• DATA SHOWN
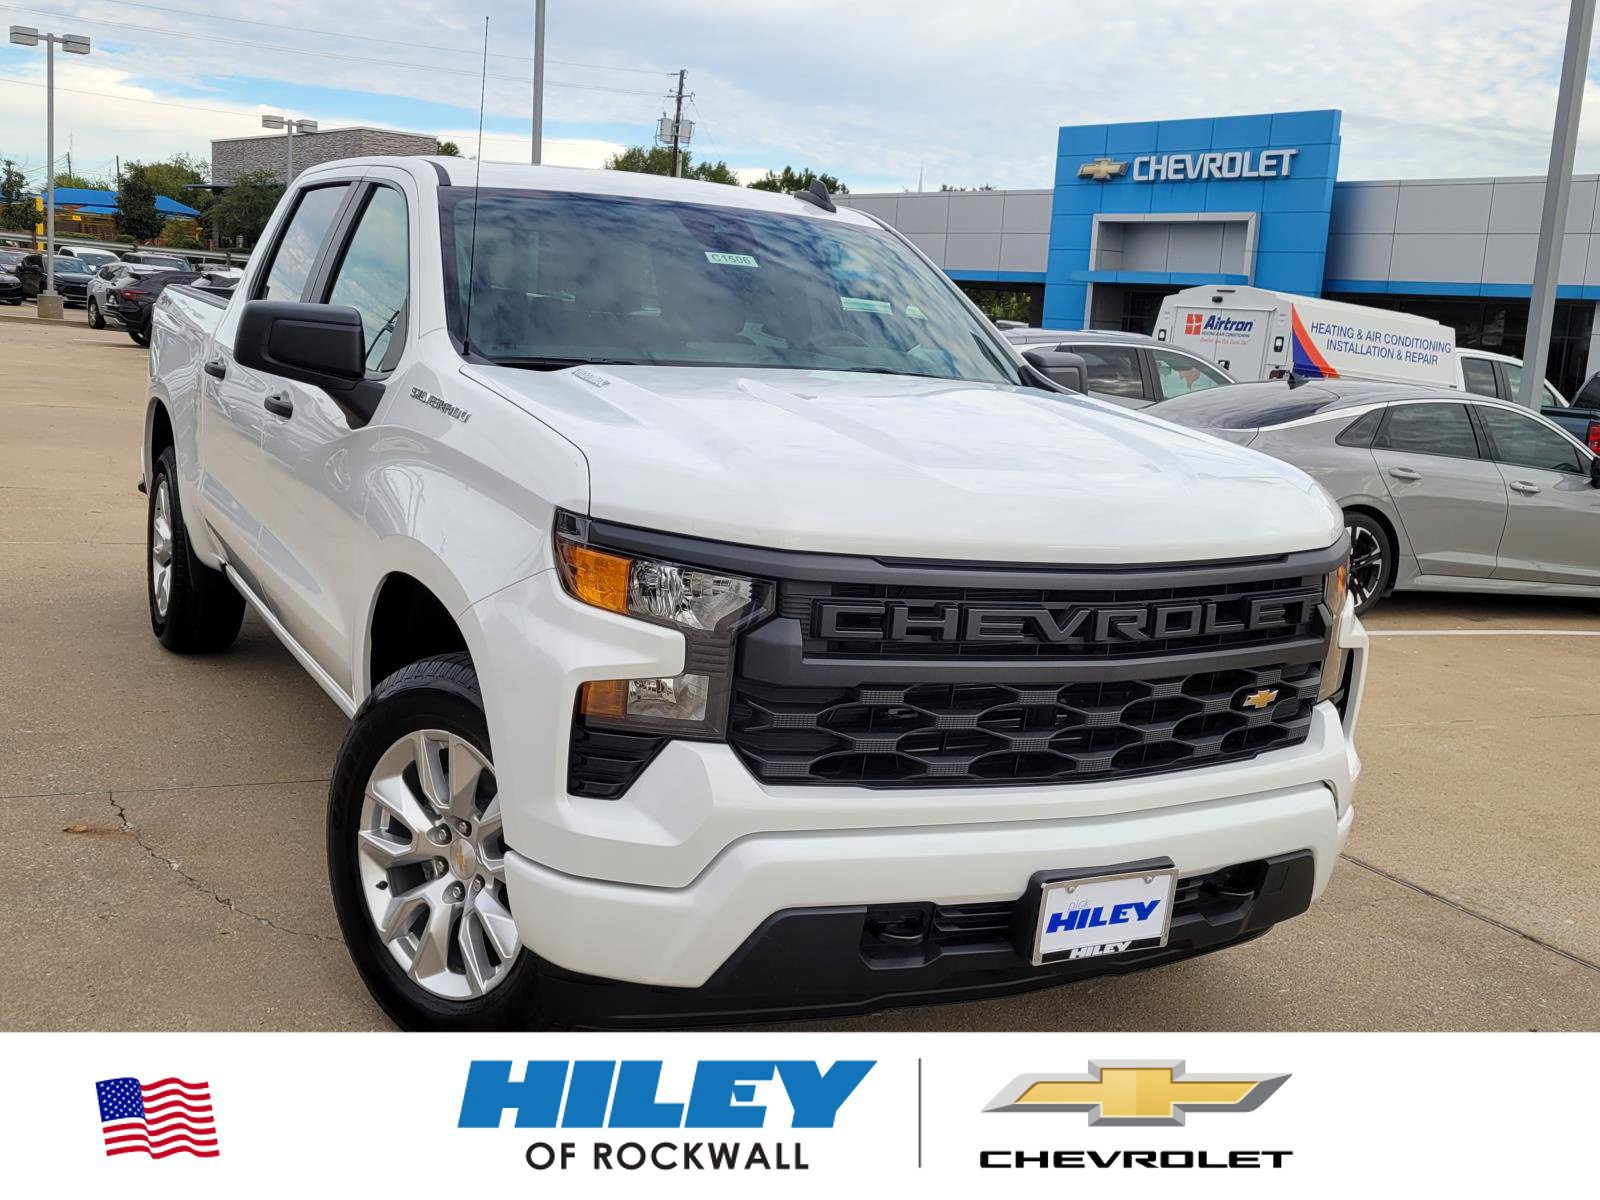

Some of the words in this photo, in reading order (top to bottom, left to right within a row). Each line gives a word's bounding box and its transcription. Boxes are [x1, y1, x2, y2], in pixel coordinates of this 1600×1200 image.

[1133, 149, 1297, 181] CHEVROLET
[711, 253, 752, 264] C1506
[1203, 315, 1254, 332] Airtron
[1311, 322, 1354, 339] HEATING
[1356, 328, 1363, 340] &
[1366, 330, 1382, 343] AIR
[1384, 333, 1452, 354] CONDITIONING
[1326, 339, 1395, 360] INSTALLATION
[1397, 350, 1403, 361] &
[1405, 351, 1439, 365] REPAIR
[815, 592, 1321, 642] CHEVROLET
[1046, 900, 1161, 934] HILEY
[1069, 941, 1132, 960] HILEY
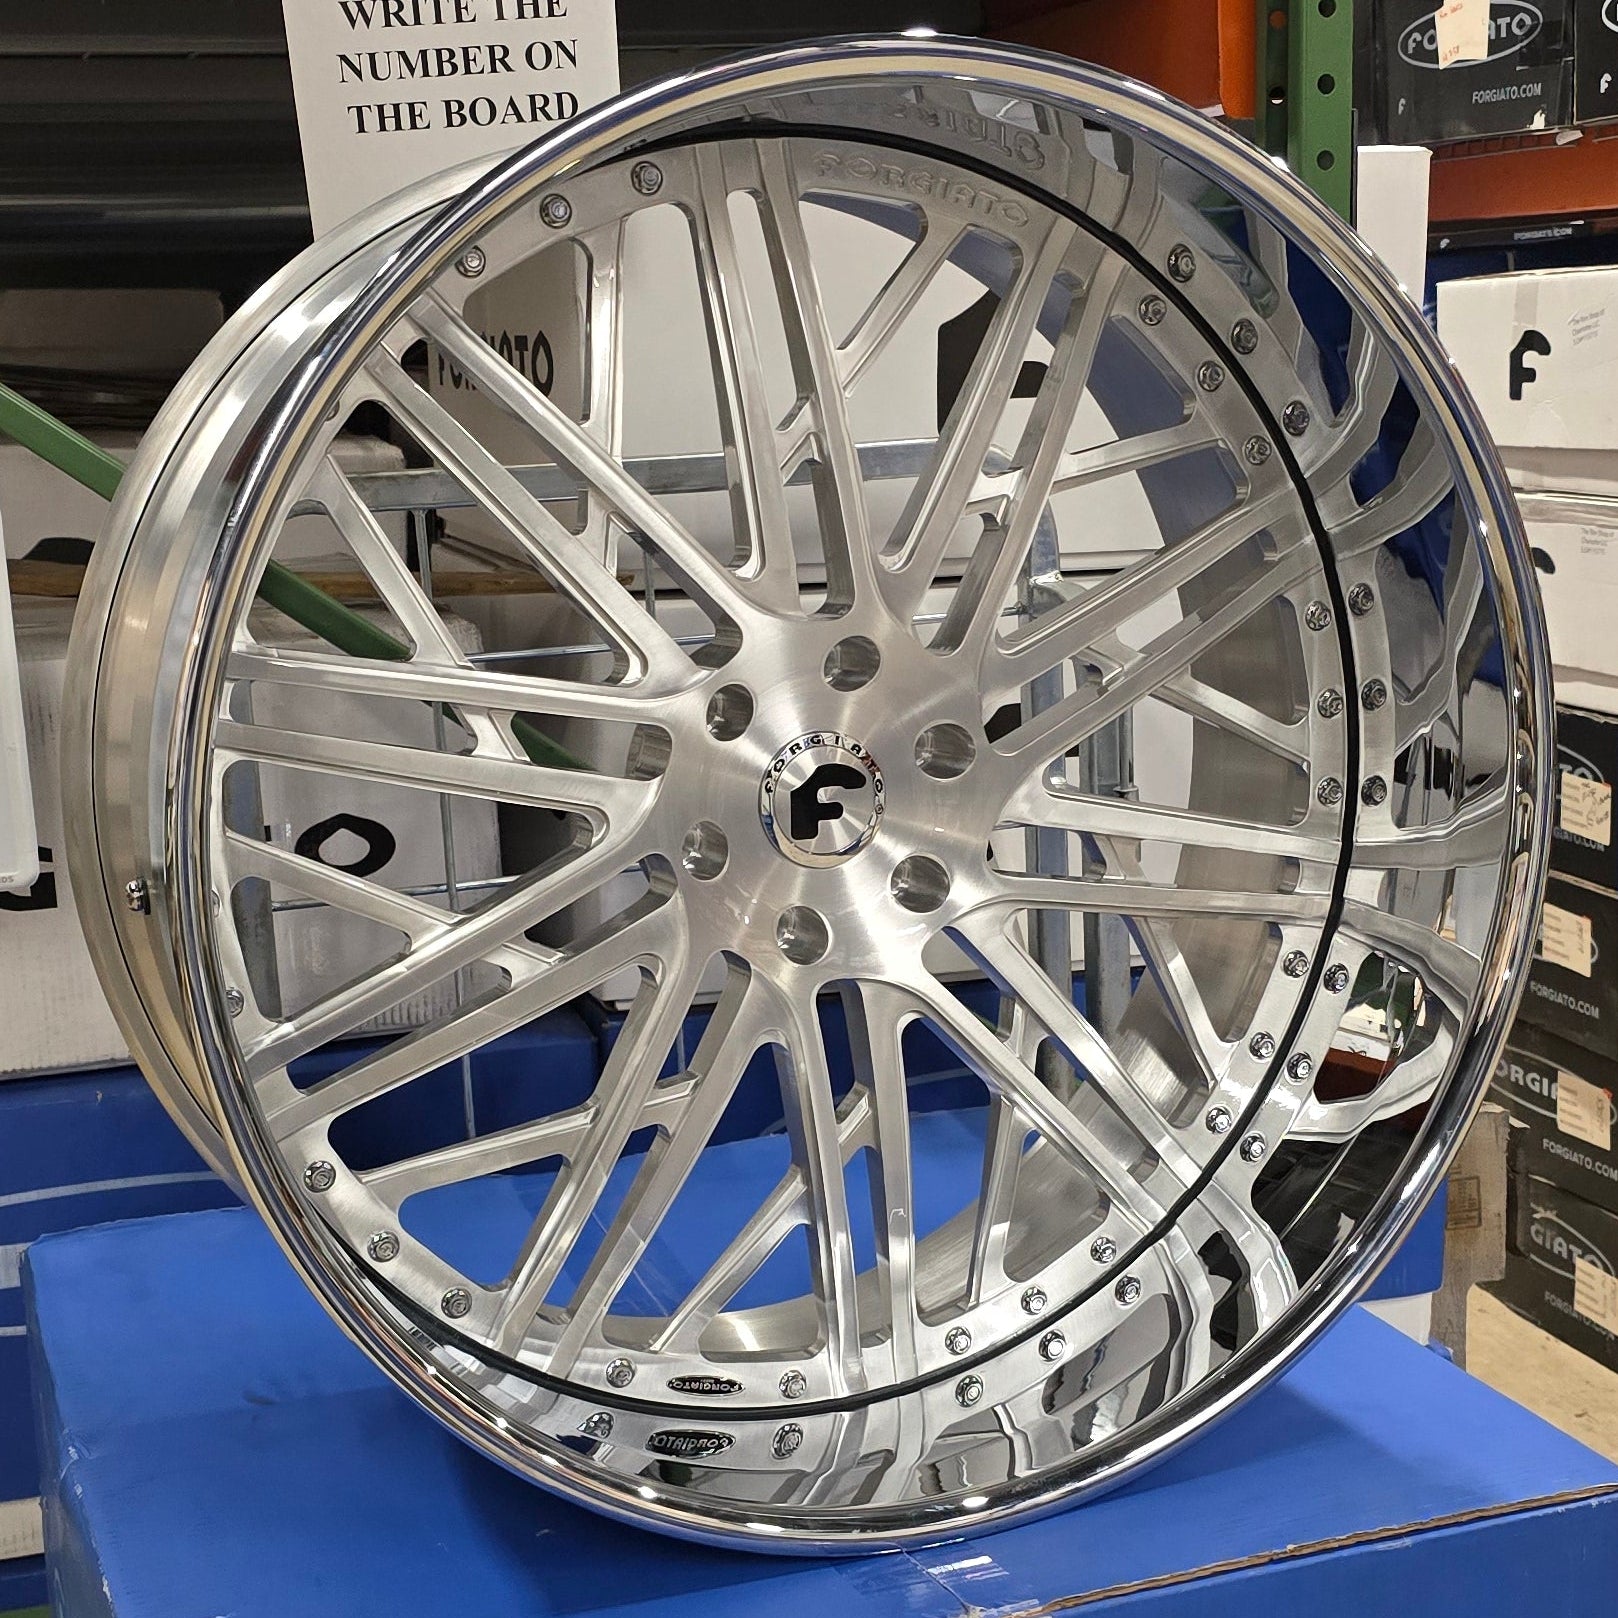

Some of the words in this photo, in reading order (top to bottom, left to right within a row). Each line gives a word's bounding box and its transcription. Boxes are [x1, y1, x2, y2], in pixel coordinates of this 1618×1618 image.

[339, 0, 477, 31] WRITE
[493, 0, 568, 21] THE
[336, 44, 516, 84] NUMBER
[525, 39, 578, 70] ON
[347, 101, 431, 134] THE
[441, 91, 579, 129] BOARD
[1472, 83, 1542, 104] FORGIATO.COM
[814, 152, 1029, 228] FORGIATO
[764, 734, 884, 795] FORGIATO
[1529, 979, 1600, 1020] FORGIATO.COM
[1543, 1138, 1618, 1182] FORGIATO.COM
[672, 1381, 739, 1391] FORGIATO

• YOUR INSTRUCTIONS
Please reprint the whole listing exactly and omit its pictures.

• SOLUTION TO THIS TASK
Some of the words in this photo, in reading order (top to bottom, left to right within a row). Each line gives a word's bounding box and its transcription. Boxes are [x1, y1, x2, y2], in pixel coordinates of this 1600×1200 image.

[1133, 149, 1297, 181] CHEVROLET
[711, 253, 752, 264] C1506
[1203, 315, 1254, 332] Airtron
[1311, 322, 1354, 339] HEATING
[1356, 328, 1363, 340] &
[1366, 330, 1382, 343] AIR
[1384, 333, 1452, 354] CONDITIONING
[1326, 339, 1395, 360] INSTALLATION
[1397, 350, 1403, 361] &
[1405, 351, 1439, 365] REPAIR
[815, 592, 1321, 642] CHEVROLET
[1046, 900, 1161, 934] HILEY
[1069, 941, 1132, 960] HILEY

Some of the words in this photo, in reading order (top to bottom, left to right within a row). Each line gives a word's bounding box and its transcription. Boxes are [x1, y1, x2, y2], in pixel coordinates of this 1618×1618 image.

[339, 0, 477, 31] WRITE
[493, 0, 568, 21] THE
[336, 44, 516, 84] NUMBER
[525, 39, 578, 70] ON
[347, 101, 431, 134] THE
[441, 91, 579, 129] BOARD
[1472, 83, 1542, 104] FORGIATO.COM
[814, 152, 1029, 228] FORGIATO
[764, 734, 884, 795] FORGIATO
[1529, 979, 1600, 1020] FORGIATO.COM
[1543, 1138, 1618, 1182] FORGIATO.COM
[672, 1381, 739, 1391] FORGIATO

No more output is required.